Swastika graffiti at George Washington High School in Philadelphia. Photo: Screenshot

A civil rights complaint accusing the School District of Philadelphia (SDP) of standing down while its Jewish students were subjected to a slew of antisemitic abuses throughout the school year was filed by the Anti-Defamation League (ADL) on Tuesday.

The 49-page complaint, filed with the US Department of Education’s Office of Civil Rights (OCR), recounts dozens of incidents that have occurred at SDP since the Palestinian terrorist group Hamas’ Oct. 7 massacre across southern Israel. Teachers allegedly propagandized in the classroom, students chanted “kill the Jews,” and swastika graffiti emerged across the district, the complaint says, adding that parents’ concerns have gone unheeded and that Jewish teachers, beleaguered by acts of retaliation, are retiring in droves.

“Since the Oct. 7 attack, the Philadelphia Schools have fostered a toxic environment that has allowed antisemitism against Jewish students to metastasize and fester without repercussions,” ADL senior director of litigation James Pasch said on Tuesday in a statement announcing the action. “What’s worse, the district has encouraged a rampant culture of retaliation and fear that has prevented Jewish parents and students from coming forward.”

The ADL argues it is time for the OCR to intervene and compel the district to observe Title VI of the Civil Rights Act, which explicitly prohibits public schools from failing to respond to, as well as perpetrating, acts of discrimination and intimidation animated by religious and ethnic bias.

The facts necessitate OCR’s involvement, the ADL contends.

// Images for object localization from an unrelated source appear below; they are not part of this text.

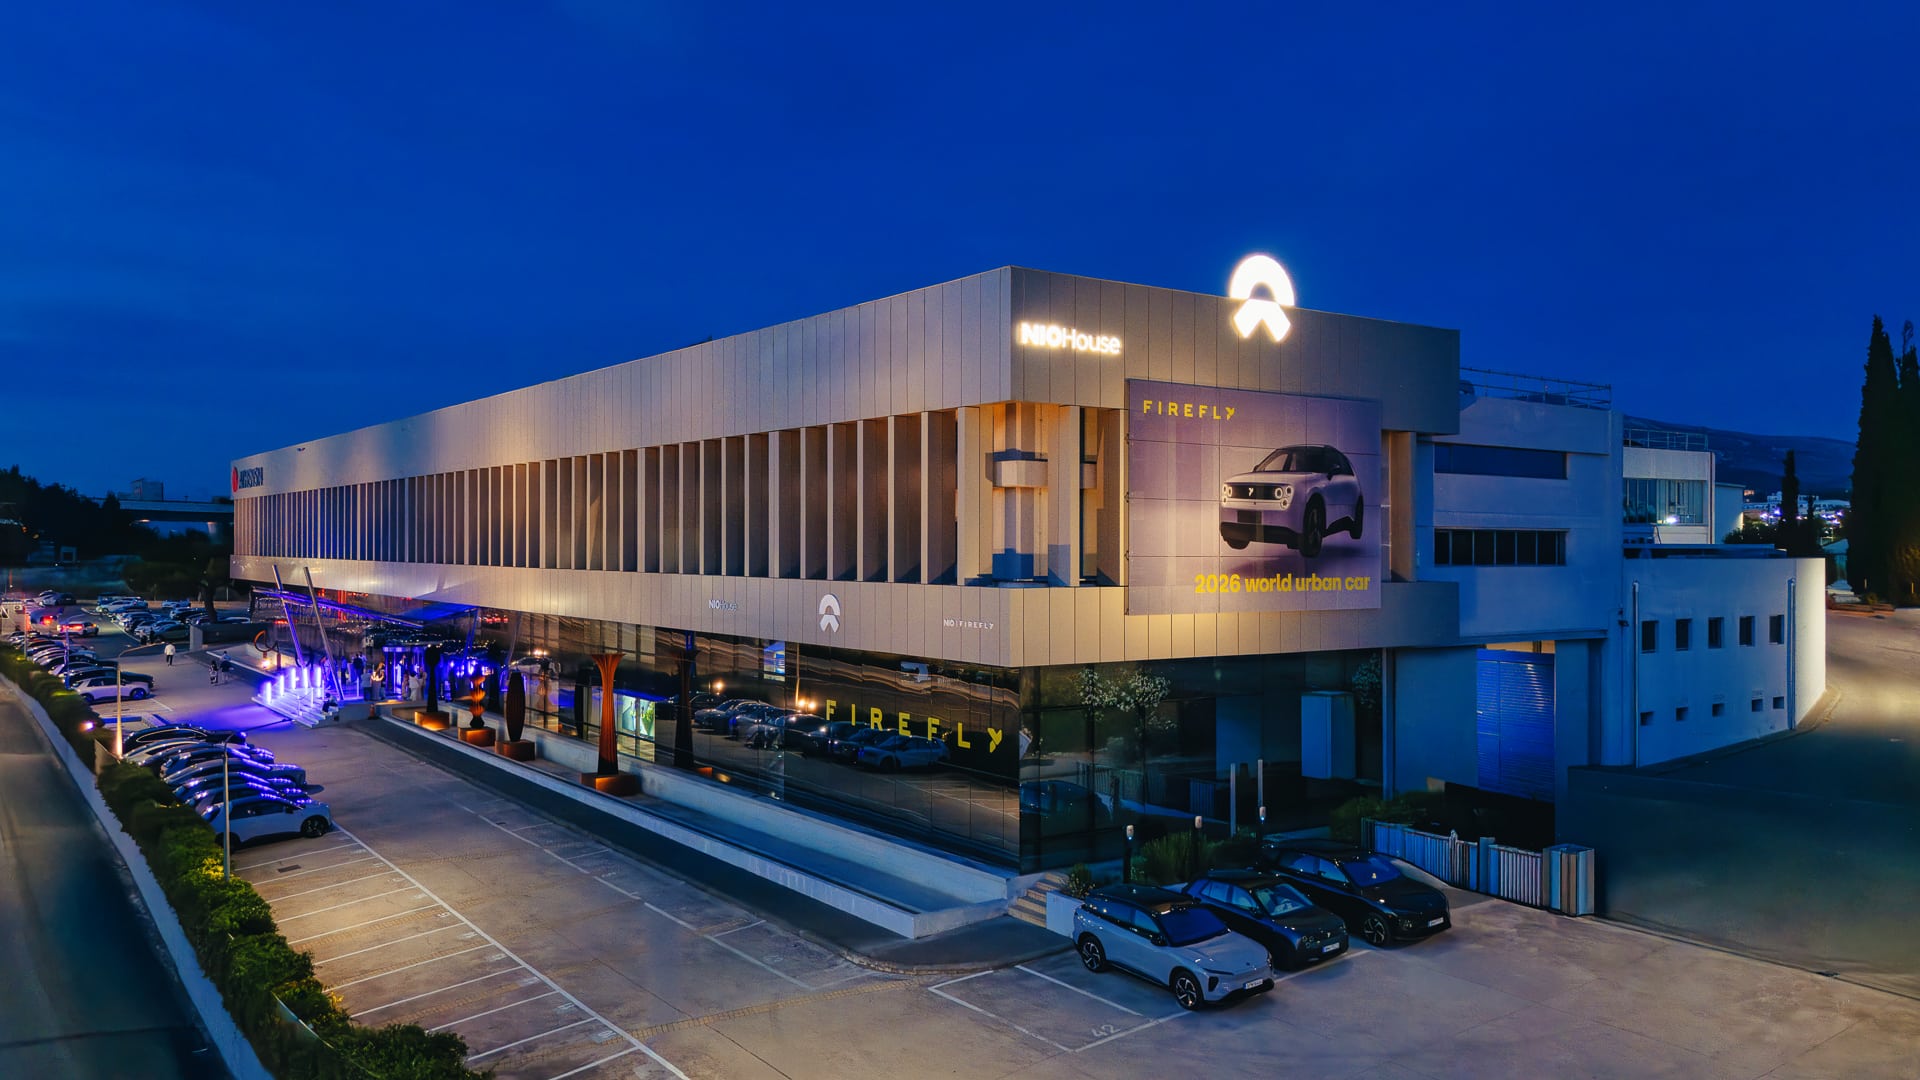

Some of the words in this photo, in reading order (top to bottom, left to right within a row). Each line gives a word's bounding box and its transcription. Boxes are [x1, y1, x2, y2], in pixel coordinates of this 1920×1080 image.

[1142, 399, 1236, 421] FIREFLY
[1194, 573, 1241, 593] 2026
[1244, 572, 1293, 593] world
[1295, 572, 1342, 592] urban
[1345, 576, 1371, 591] car
[825, 699, 1003, 753] FIREFLY
[1090, 1024, 1121, 1038] 42
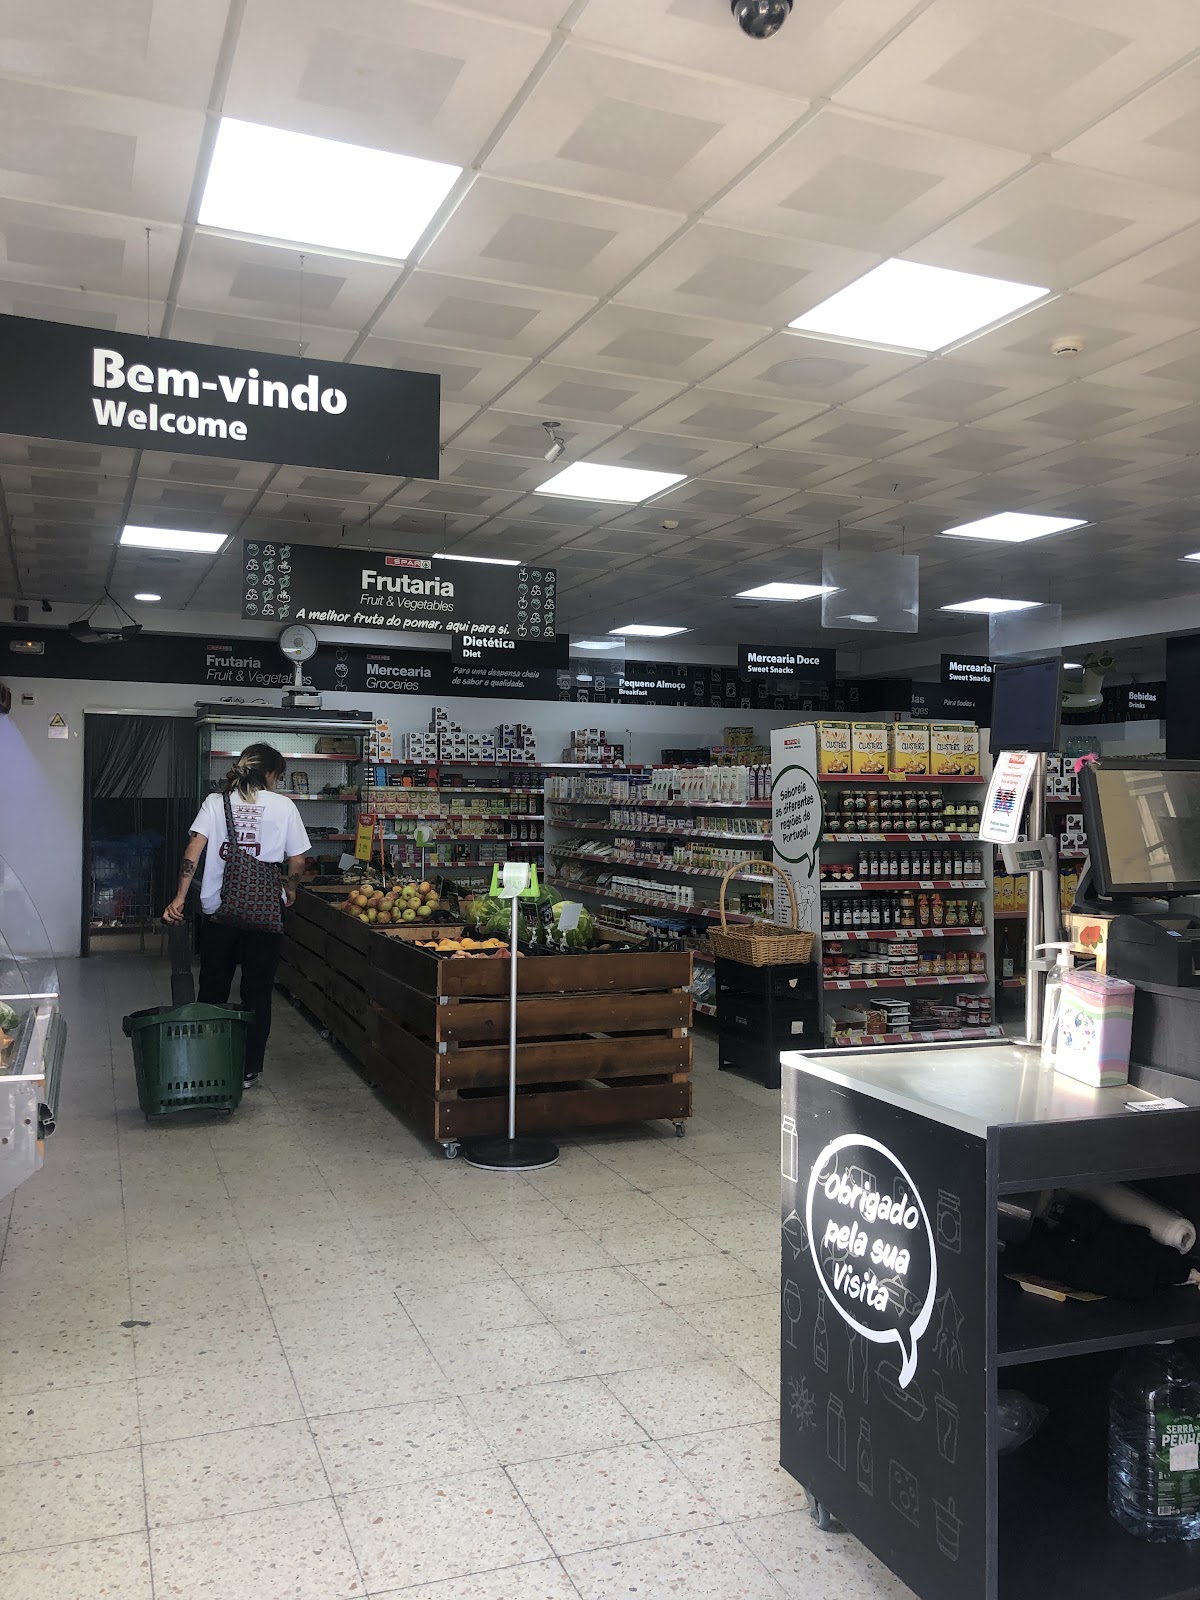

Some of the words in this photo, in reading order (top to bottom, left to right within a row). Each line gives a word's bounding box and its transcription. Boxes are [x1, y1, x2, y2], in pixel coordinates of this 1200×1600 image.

[93, 348, 348, 415] Bem-vindo
[92, 398, 248, 441] Welcome
[393, 558, 421, 567] SPAR
[361, 569, 454, 597] Frutaria
[360, 593, 384, 606] Fruit
[386, 596, 394, 607] &
[397, 596, 455, 612] Vegetables
[295, 608, 306, 619] A
[308, 609, 351, 622] melhor
[353, 612, 384, 625] fruta
[386, 614, 401, 626] do
[403, 618, 443, 630] pomar,
[446, 621, 471, 633] aqui
[470, 623, 496, 634] para
[497, 623, 510, 635] si.
[463, 635, 516, 649] Dietética
[462, 649, 482, 658] Diet
[747, 652, 795, 664] Mercearia
[796, 655, 820, 665] Doce
[206, 654, 261, 669] Frutaria
[949, 661, 992, 673] Mercearia
[206, 669, 233, 681] Fruit
[235, 670, 244, 682] &
[366, 663, 432, 678] Mercearia
[453, 666, 470, 675] Para
[471, 668, 487, 676] uma
[488, 667, 521, 678] despensa
[521, 670, 540, 678] cheia
[747, 664, 769, 673] Sweet
[770, 666, 794, 674] Snacks
[366, 677, 419, 691] Groceries
[451, 677, 461, 685] de
[462, 677, 483, 686] sabor
[490, 679, 525, 688] qualidade.
[618, 678, 655, 689] Pequeno
[656, 680, 686, 691] Almoço
[949, 673, 968, 681] Sweet
[969, 674, 991, 683] Snacks
[618, 688, 648, 696] Breakfast
[1128, 691, 1157, 701] Bebidas
[957, 699, 973, 707] todas
[1128, 701, 1146, 709] Drinks
[826, 741, 847, 749] CLUSTERS
[858, 742, 883, 750] CLUSTERS
[901, 742, 925, 750] CLUSTERS
[936, 743, 960, 751] CLUSTERS
[780, 781, 807, 801] Saboreie
[783, 794, 814, 815] diferentes
[780, 814, 801, 830] regiões
[803, 810, 811, 821] de
[782, 824, 811, 844] Portugal.
[824, 1219, 868, 1257] pela
[871, 1237, 911, 1275] sua
[833, 1262, 889, 1312] Visita
[1166, 1423, 1194, 1434] SERRA

Antisemitic bullying at SDP is so severe that one Jewish student, after being told “f—k you and free Palestine” as well as “Praise Hitler,” left the school district entirely, according to the complaint. In another incident, an anti-Zionist student used the Halloween holiday to appear at school costumed as a terrorist and attempted to “drape a Palestinian flag over a Jewish student.” Their principal later allegedly “praised the costume.”

Discriminatory behavior has continued in the classroom, where, presumably, a teacher is always present to prevent bullying and other disruptions which hinder learning. However, the ADL charges, at SDP, teachers contribute to intimidation and shaming, using their power and monopoly on class discussions to denounce Israel as “exterminators” and stream videos accusing the Jewish state of “making Palestinians homeless.”

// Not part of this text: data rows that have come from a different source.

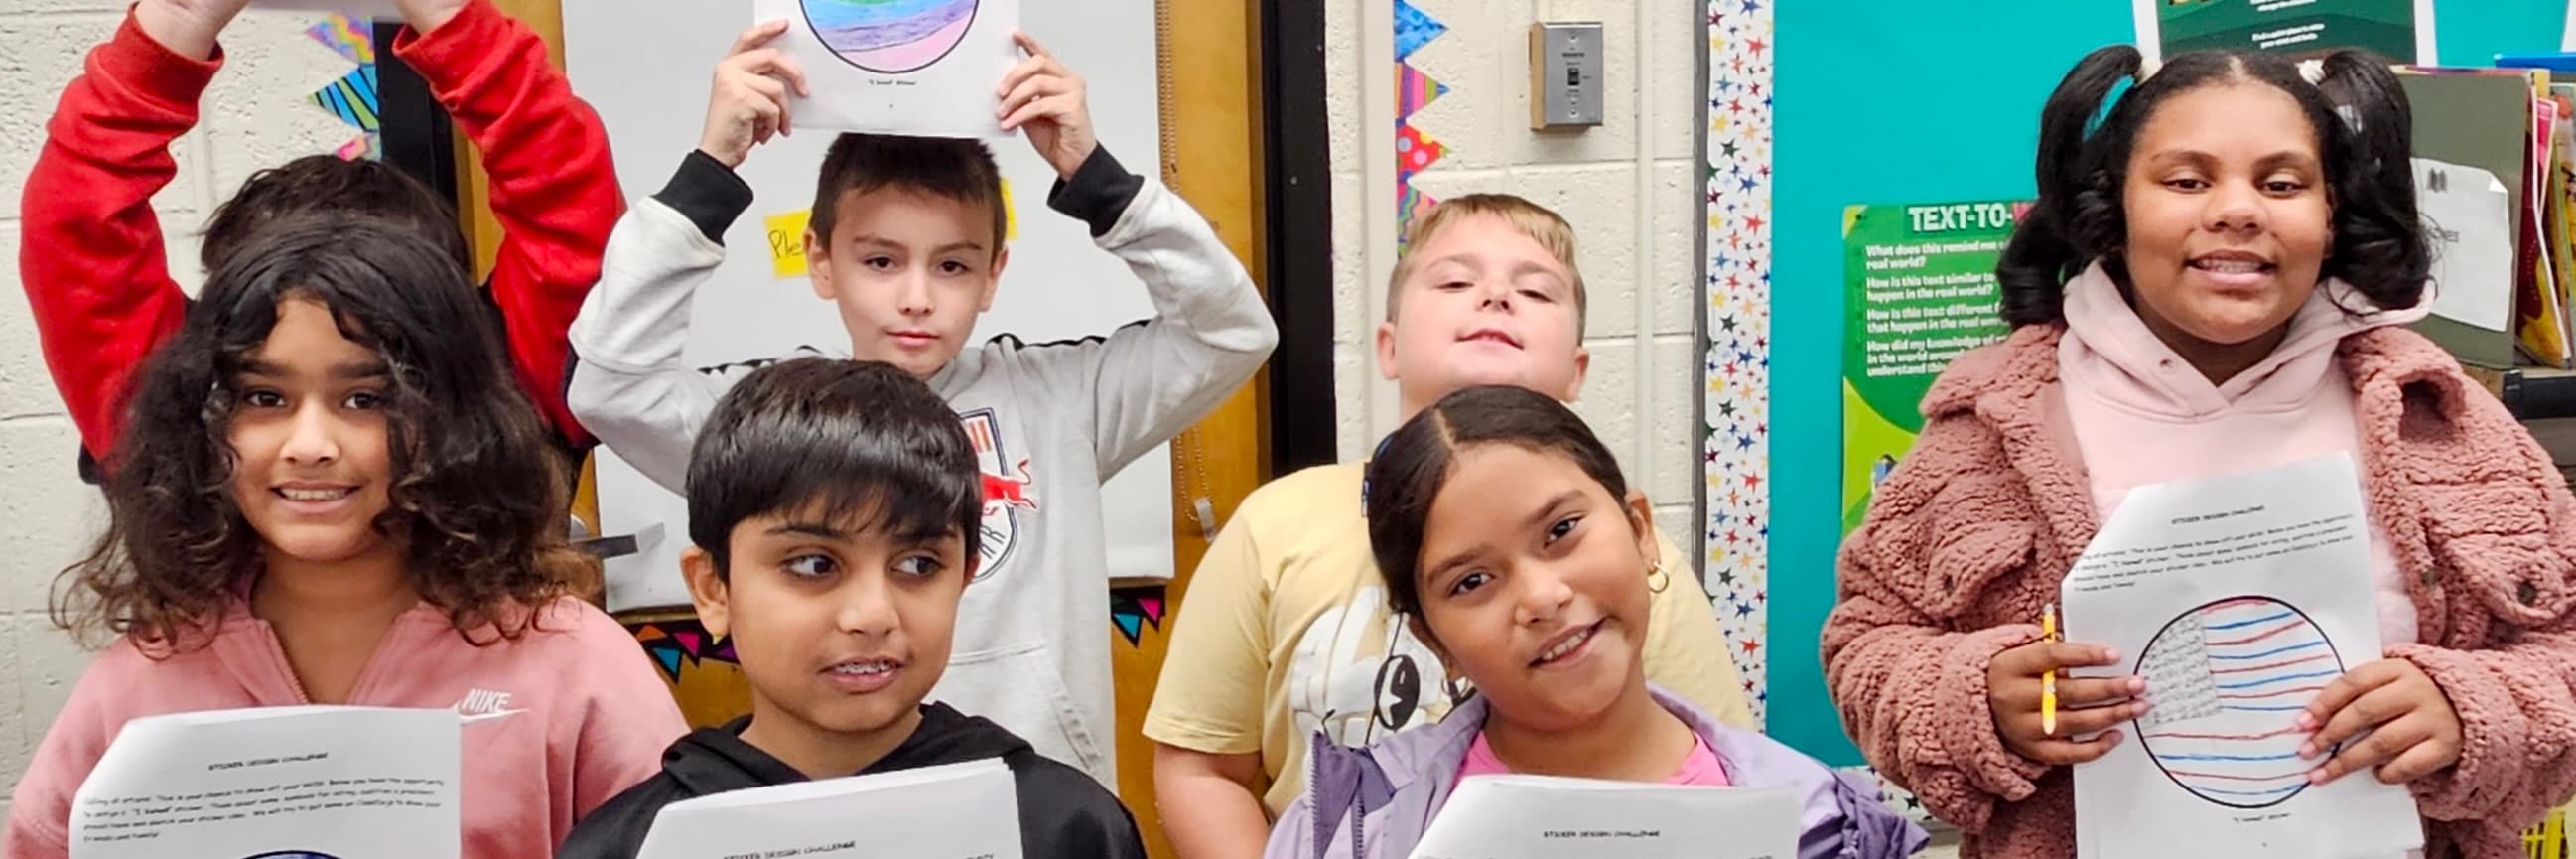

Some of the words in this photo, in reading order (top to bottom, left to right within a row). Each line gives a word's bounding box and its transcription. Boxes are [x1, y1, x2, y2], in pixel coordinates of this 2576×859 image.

[768, 229, 803, 259] Ple
[1866, 245, 1894, 257] What
[1894, 244, 1921, 256] does
[1922, 242, 1941, 254] this
[1943, 240, 1979, 253] remind
[1980, 241, 1996, 251] me
[1866, 258, 1888, 270] real
[1890, 256, 1926, 269] world?
[1866, 276, 1889, 289] How
[1891, 276, 1901, 288] is
[1902, 275, 1921, 287] this
[1923, 274, 1945, 286] text
[1946, 272, 1982, 285] similar
[1866, 290, 1904, 303] happen
[1906, 288, 1916, 299] in
[1917, 287, 1934, 299] the
[1935, 285, 1957, 297] real
[1958, 283, 1993, 296] world?
[1866, 308, 1889, 320] How
[1891, 308, 1901, 320] is
[1902, 307, 1921, 319] this
[1923, 306, 1945, 318] text
[1946, 302, 1993, 316] different
[1866, 322, 1889, 333] that
[1890, 320, 1927, 334] happen
[1929, 319, 1938, 330] in
[1939, 317, 1957, 329] the
[1958, 315, 1979, 328] real
[1866, 340, 1890, 352] How
[1891, 339, 1908, 351] did
[1909, 340, 1925, 352] my
[1926, 334, 1981, 349] knowledge
[1866, 354, 1877, 364] in
[1878, 353, 1896, 364] the
[1897, 350, 1928, 363] world
[1866, 363, 1927, 377] understand
[461, 687, 513, 713] NIKE

One teacher’s alleged behavior was so egregious that the ADL redacted her name from the complaint to protect the witnesses of her conduct. According to the complaint, she proclaimed to students that Judaism originated in Ethiopia, and, when an Ashkenazi Jewish student rebutted her claim, she said that “Ashkenazi Jews are people from Europe who were forced to convert so that Jews could stay in power.” On another occasion she reportedly told her class that “getting angry at the Houthis for attacking Israel is like getting angry at a lynched man for struggling at the noose.”

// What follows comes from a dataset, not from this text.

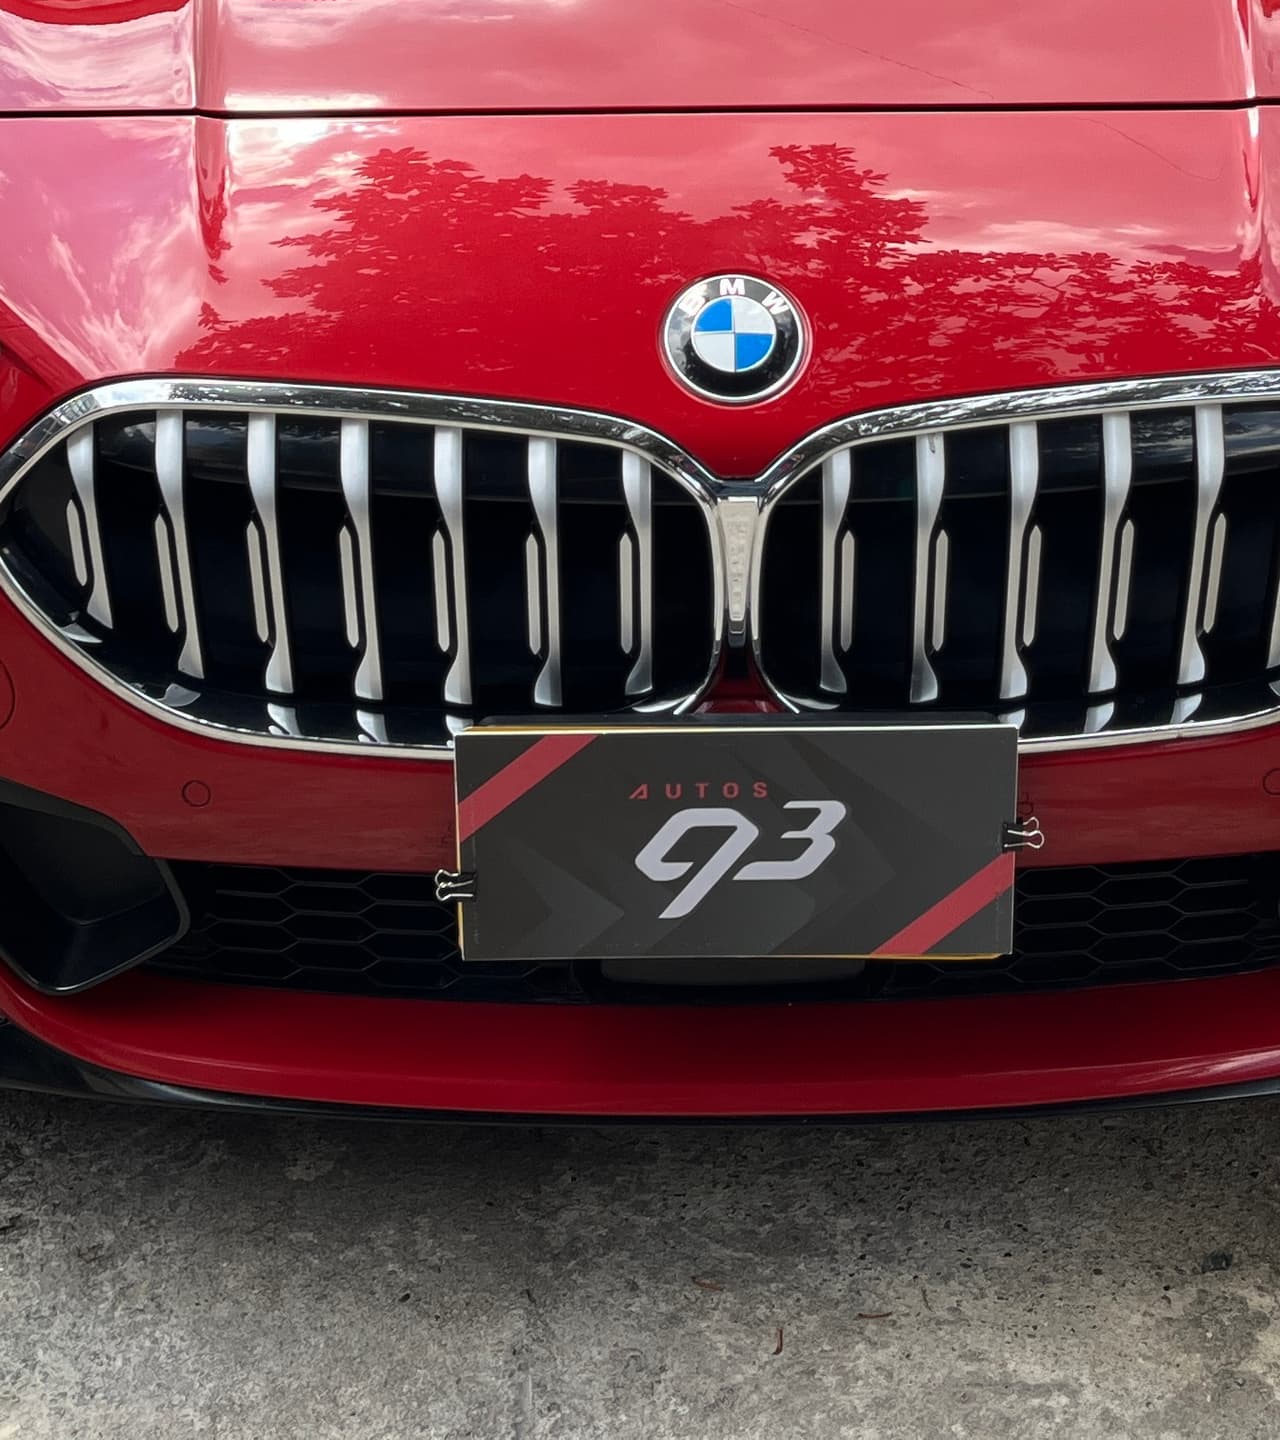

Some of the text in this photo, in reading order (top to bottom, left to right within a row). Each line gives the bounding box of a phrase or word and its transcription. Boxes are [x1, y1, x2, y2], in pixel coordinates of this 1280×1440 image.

[678, 278, 790, 317] BMW
[629, 781, 768, 800] AUTOS
[634, 799, 847, 919] 93

The slogan of the Houthis, an internationally designated terrorist organization and rebel movement in Yemen, is “death to America, death to Israel, curse the Jews, and victory to Islam.”

“Philadelphia schools have a long history of providing a safe and welcoming environment for students of all identities. However, in the recent past — and especially in the aftermath of Oct. 7 — we’ve seen a stark rise in incidents and attitudes that alienate Jewish students, faculty, and families,” ADL Philadelphia regional director Andrew Goretsky said on Tuesday. “Jewish students face a shameful and pervasive litany of antisemitic harassment from their peers, and teachers and administrators, the professionals tasked with our children’s education. This pattern is dangerous, completely unacceptable, and needs to stop now.”

Parents served by SDP have no recourse because school administrators ignore them, the ADL argues in its complaint. Instead of disciplining discriminatory conduct, administrators have allegedly punished students, transferring them out of the courses of problematic instructors. At other times, they blamed parents for expressing concern, and one principal denounced one such parent at a school assembly which the entire student body attended. Instead of being transparent about its alleged failures, SDP has not formally addressed the allegations lodged against it, the ADL says, adding such behavior signals to the district’s Jewish community its indifference to the problem.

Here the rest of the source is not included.